A esas alturas, Brigitte estaba en manos israelíes, pero me habían advertido que era esencial que la operación se mantuviera en secreto. Las autoridades kenianas habían colaborado con las israelíes, pero no tenían ningún interés en alimentar la susceptibilidad musulmana en su territorio, y los israelíes no querían poner en peligro a sus fuentes ni causar un problema a un valioso aliado. Me llevaron a visitar a la prisionera, en el sobreentendido de que yo no escribiría sobre ella mientras no dispusiera de autorización israelí. Y como hasta ese momento —según me habían dicho— seguían negando tanto a sus padres como al gobierno alemán que conocieran su paradero, yo sabía que probablemente tendría que esperar bastante. Pero eso no me preocupaba en exceso. Estaba a punto de presentarle a mi ficticia Charlie al tipo de gente con la que tendría que codearse si conseguía infiltrarse en la célula terrorista palestina-germano-occidental para la que se estaba preparando. Si yo tenía suerte, Charlie recibiría de labios de Brigitte las primeras lecciones sobre teoría y práctica del terrorismo.

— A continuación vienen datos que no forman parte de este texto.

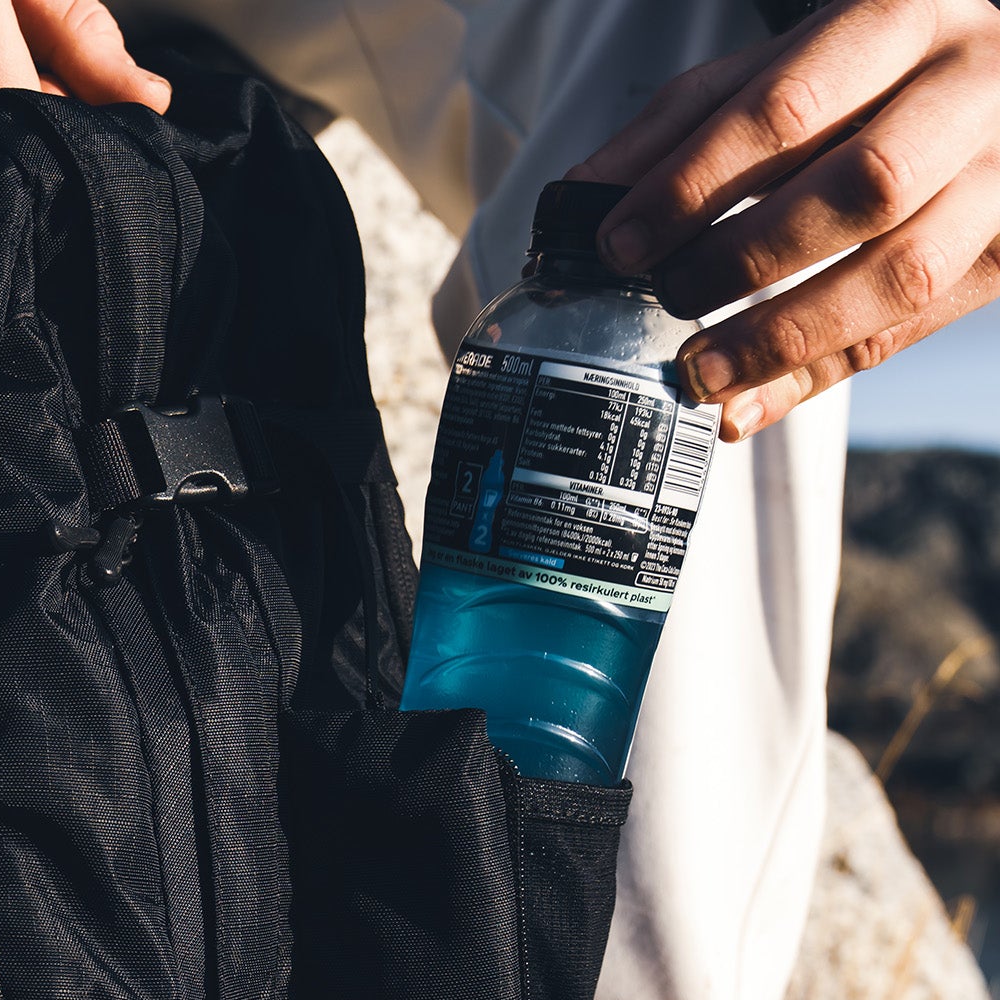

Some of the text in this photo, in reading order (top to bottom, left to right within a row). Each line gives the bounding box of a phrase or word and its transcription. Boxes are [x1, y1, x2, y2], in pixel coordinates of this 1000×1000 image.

—¿Querrá hablar Brigitte? —le pregunté al joven coronel.
—Quizá.
—¿Sobre sus motivos?
—Quizá.
Mejor preguntárselo a ella. Bien. Me veo capaz de hacerlo. Tengo la sensación de que voy a entablar una relación con Brigitte, tal vez falsa y efímera, pero una relación al fin. Si bien me marché de Alemania hace seis años, antes del florecimiento de la Fracción del Ejército Rojo de Ulrike Meinhof, no me cuesta comprender sus orígenes, ni tampoco simpatizar con algunos de sus argumentos, aunque no desde luego con sus métodos. En eso, y solamente en eso, no me diferencio mucho de grandes sectores de la clase media alemana, que secretamente proporcionan dinero y comodidad al grupo Baader-Meinhof. A mí también me repugna la presencia de antiguos nazis de alto rango en la política, la judicatura, la policía, la industria, la banca y las iglesias, y me disgusta que los padres alemanes se nieguen a hablar de su pasado nazi con sus propios hijos y que el gobierno de Alemania occidental sea tan sumiso con las políticas estadounidenses de la Guerra Fría en sus peores manifestaciones. Y por si Brigitte requiriera más pruebas de mis méritos, ¿acaso no he visitado los campos y hospitales palestinos, no he sido testigo del horror, no he sabido escuchar el llanto? Espero que todo eso, combinado, sea suficiente para proporcionarme un billete de entrada —por muy fugaz que sea— a la mente de una alemana radical de veintitantos años.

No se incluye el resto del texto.